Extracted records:
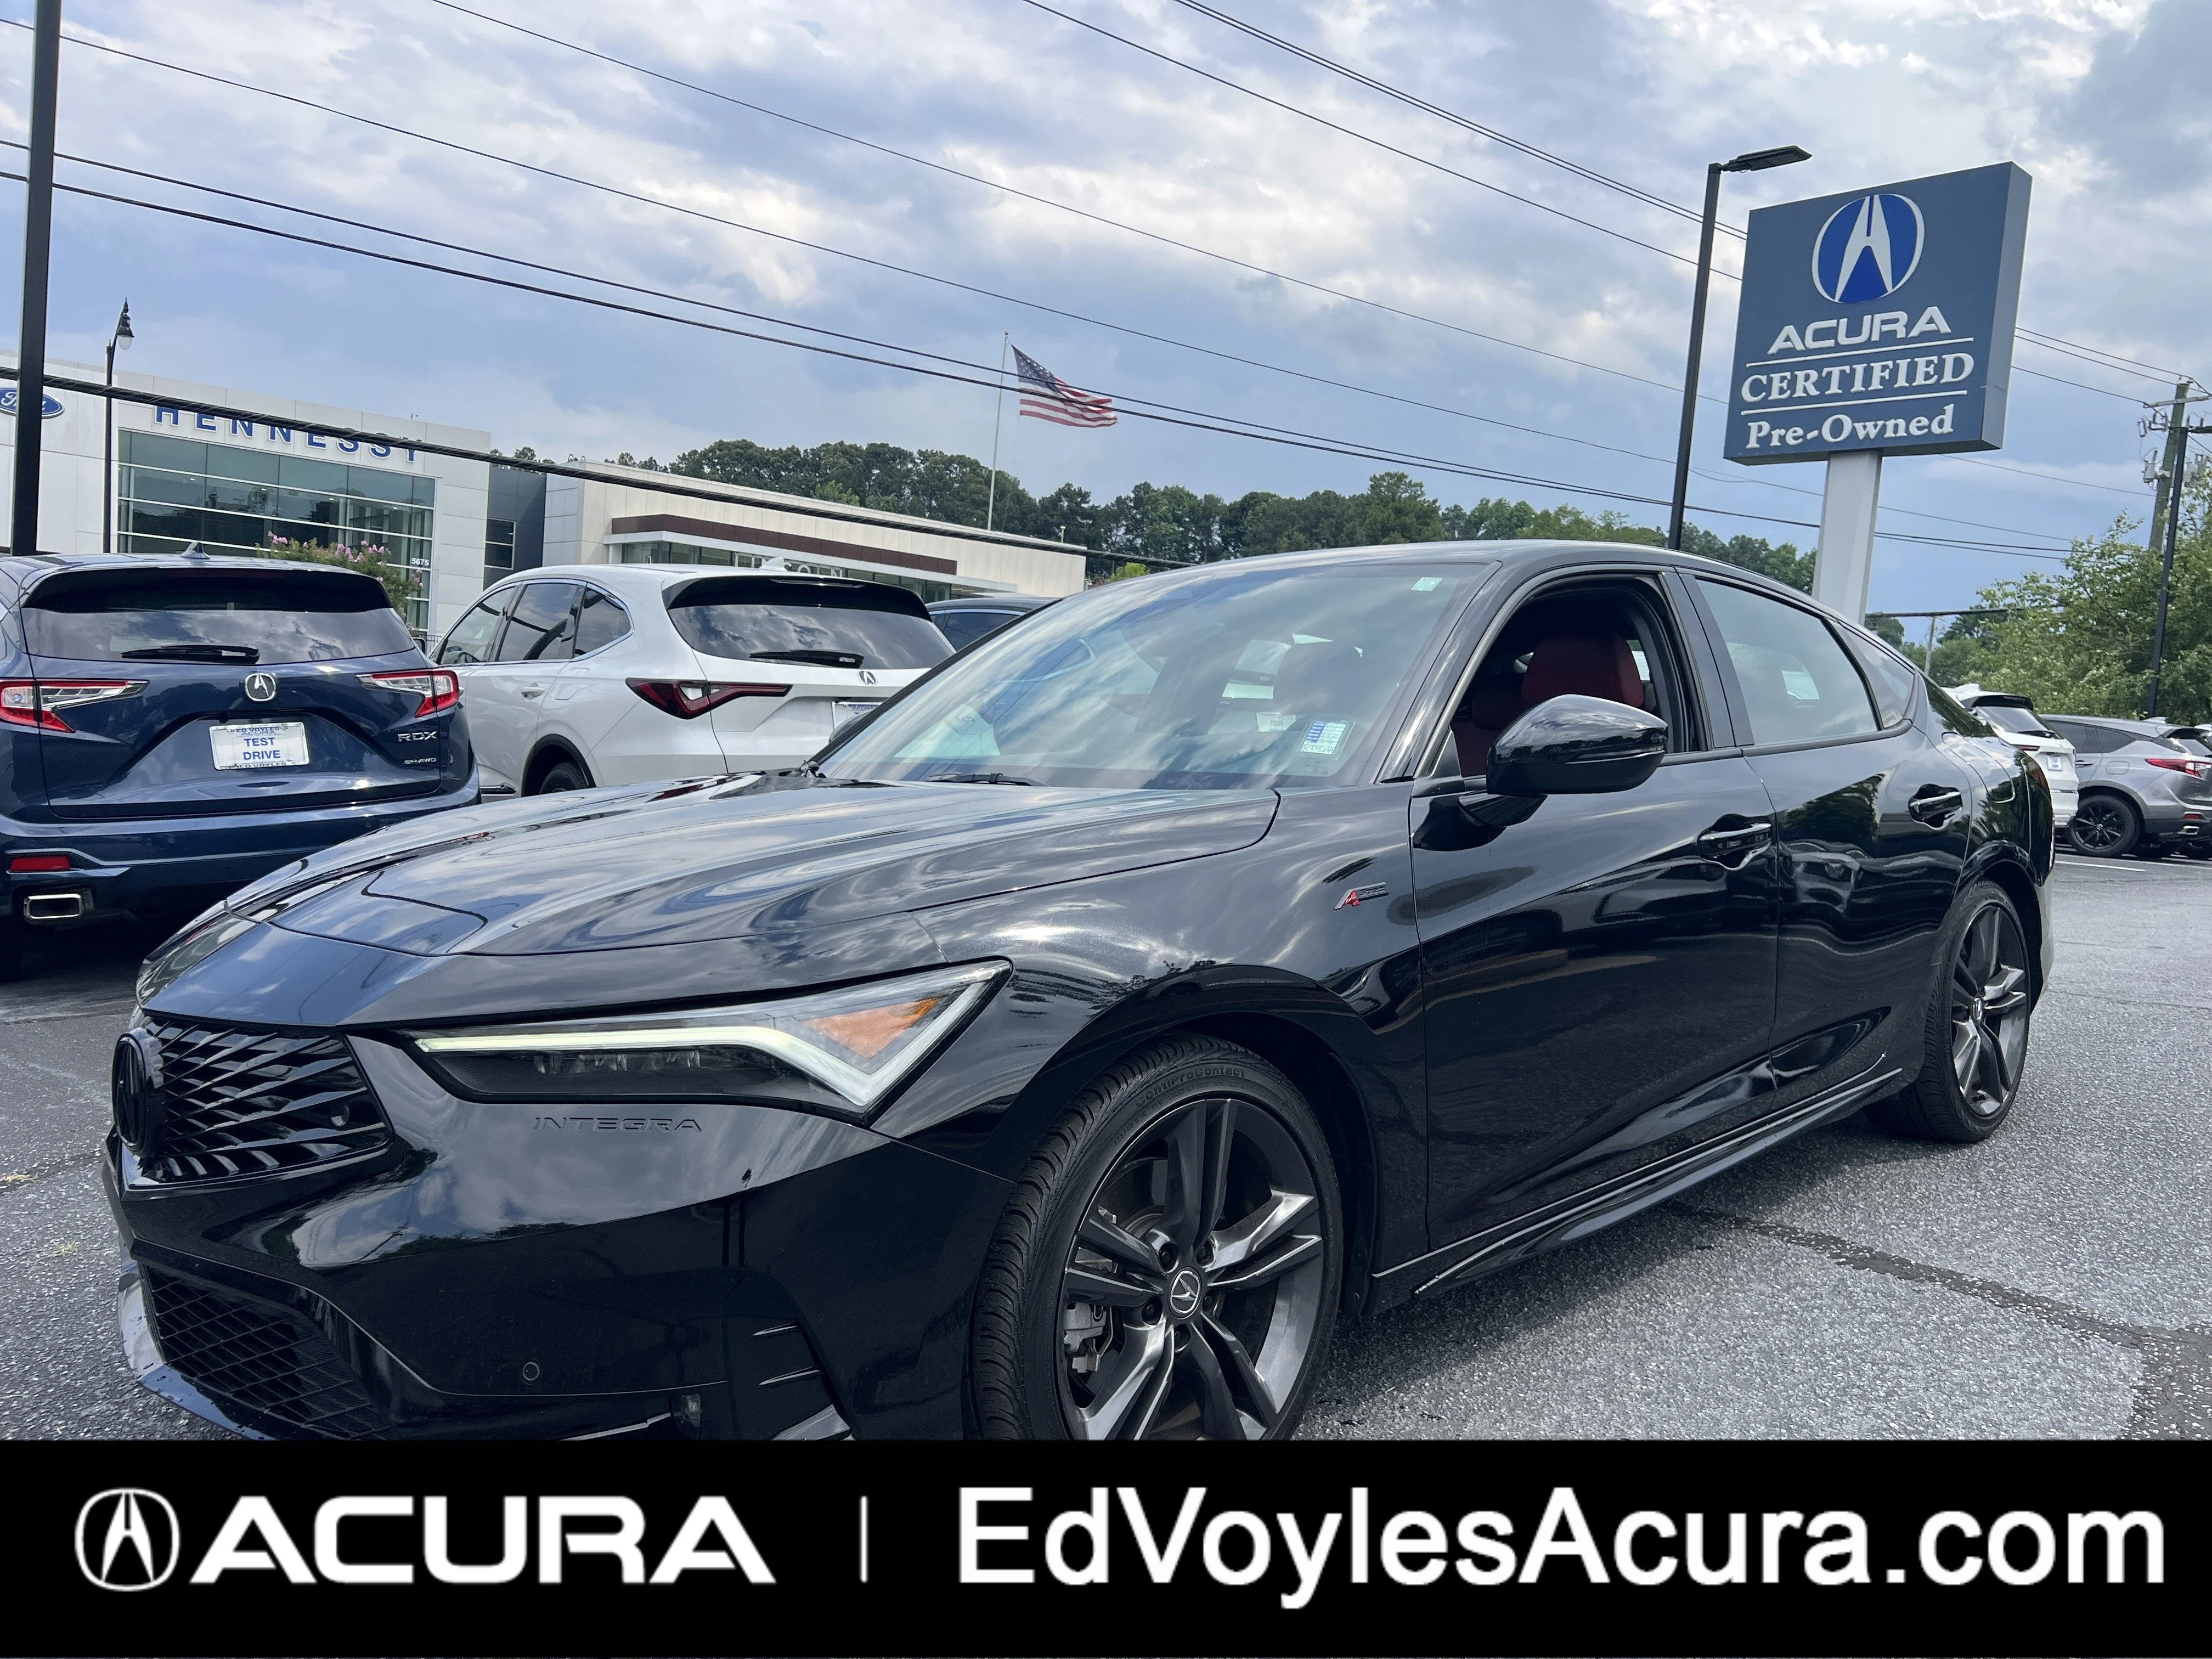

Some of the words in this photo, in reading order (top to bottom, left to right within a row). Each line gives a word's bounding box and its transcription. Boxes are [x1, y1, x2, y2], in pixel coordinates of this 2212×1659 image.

[1768, 306, 1952, 355] ACURA
[1741, 353, 1975, 403] CERTIFIED
[1745, 403, 1955, 449] Pre-Owned
[411, 557, 430, 566] 5675
[243, 737, 275, 747] TEST
[397, 730, 438, 742] RDX
[242, 749, 281, 760] DRIVE
[1134, 1065, 1246, 1108] ContiProContact
[532, 1117, 702, 1133] INTEGRA
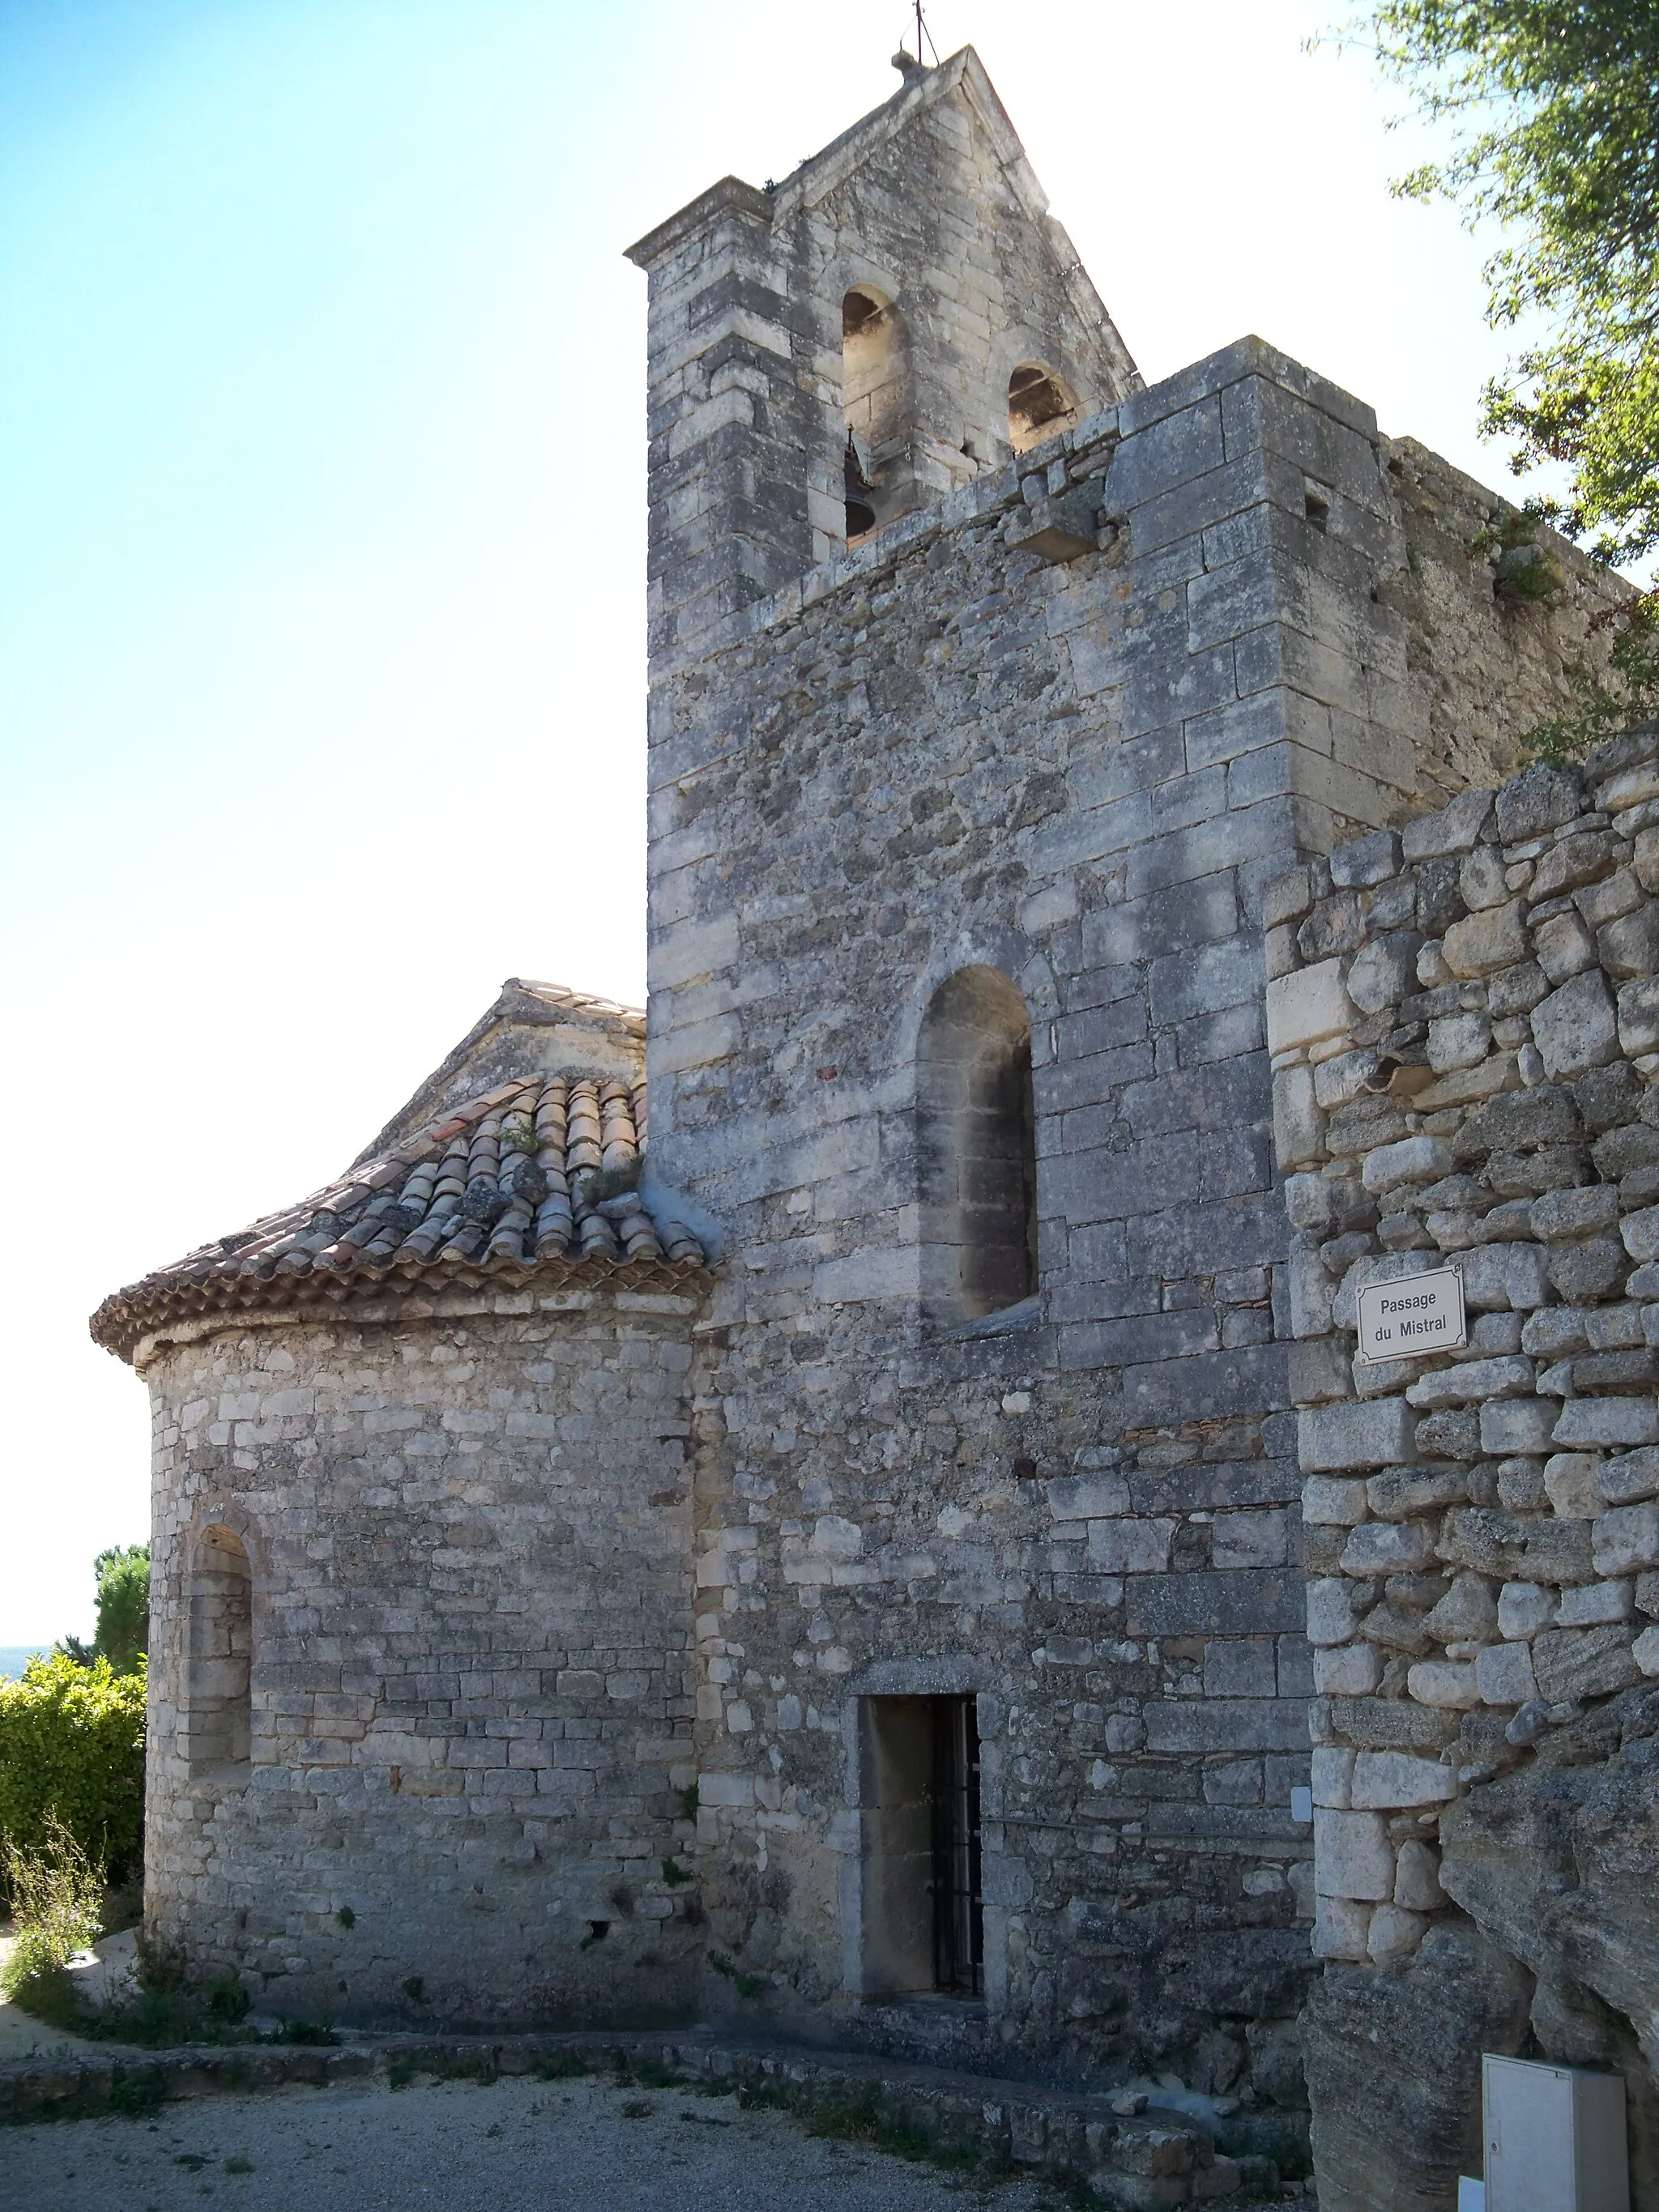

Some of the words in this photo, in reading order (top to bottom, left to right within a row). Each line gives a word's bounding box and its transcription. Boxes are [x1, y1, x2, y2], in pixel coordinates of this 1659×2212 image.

[1380, 1293, 1436, 1314] Passage
[1375, 1327, 1392, 1341] du
[1400, 1315, 1447, 1336] Mistral

[TO DO] Go through the entries above and write them out again exactly, images left behind.

[SOLVED PROBLEM]
Some of the words in this photo, in reading order (top to bottom, left to right within a row). Each line gives a word's bounding box and its transcription. Boxes are [x1, y1, x2, y2], in pixel coordinates of this 2212×1659 image.

[1768, 306, 1952, 355] ACURA
[1741, 353, 1975, 403] CERTIFIED
[1745, 403, 1955, 449] Pre-Owned
[411, 557, 430, 566] 5675
[243, 737, 275, 747] TEST
[397, 730, 438, 742] RDX
[242, 749, 281, 760] DRIVE
[1134, 1065, 1246, 1108] ContiProContact
[532, 1117, 702, 1133] INTEGRA

Some of the words in this photo, in reading order (top to bottom, left to right within a row). Each line gives a word's bounding box and its transcription. Boxes are [x1, y1, x2, y2], in pixel coordinates of this 1659×2212 image.

[1380, 1293, 1436, 1314] Passage
[1375, 1327, 1392, 1341] du
[1400, 1315, 1447, 1336] Mistral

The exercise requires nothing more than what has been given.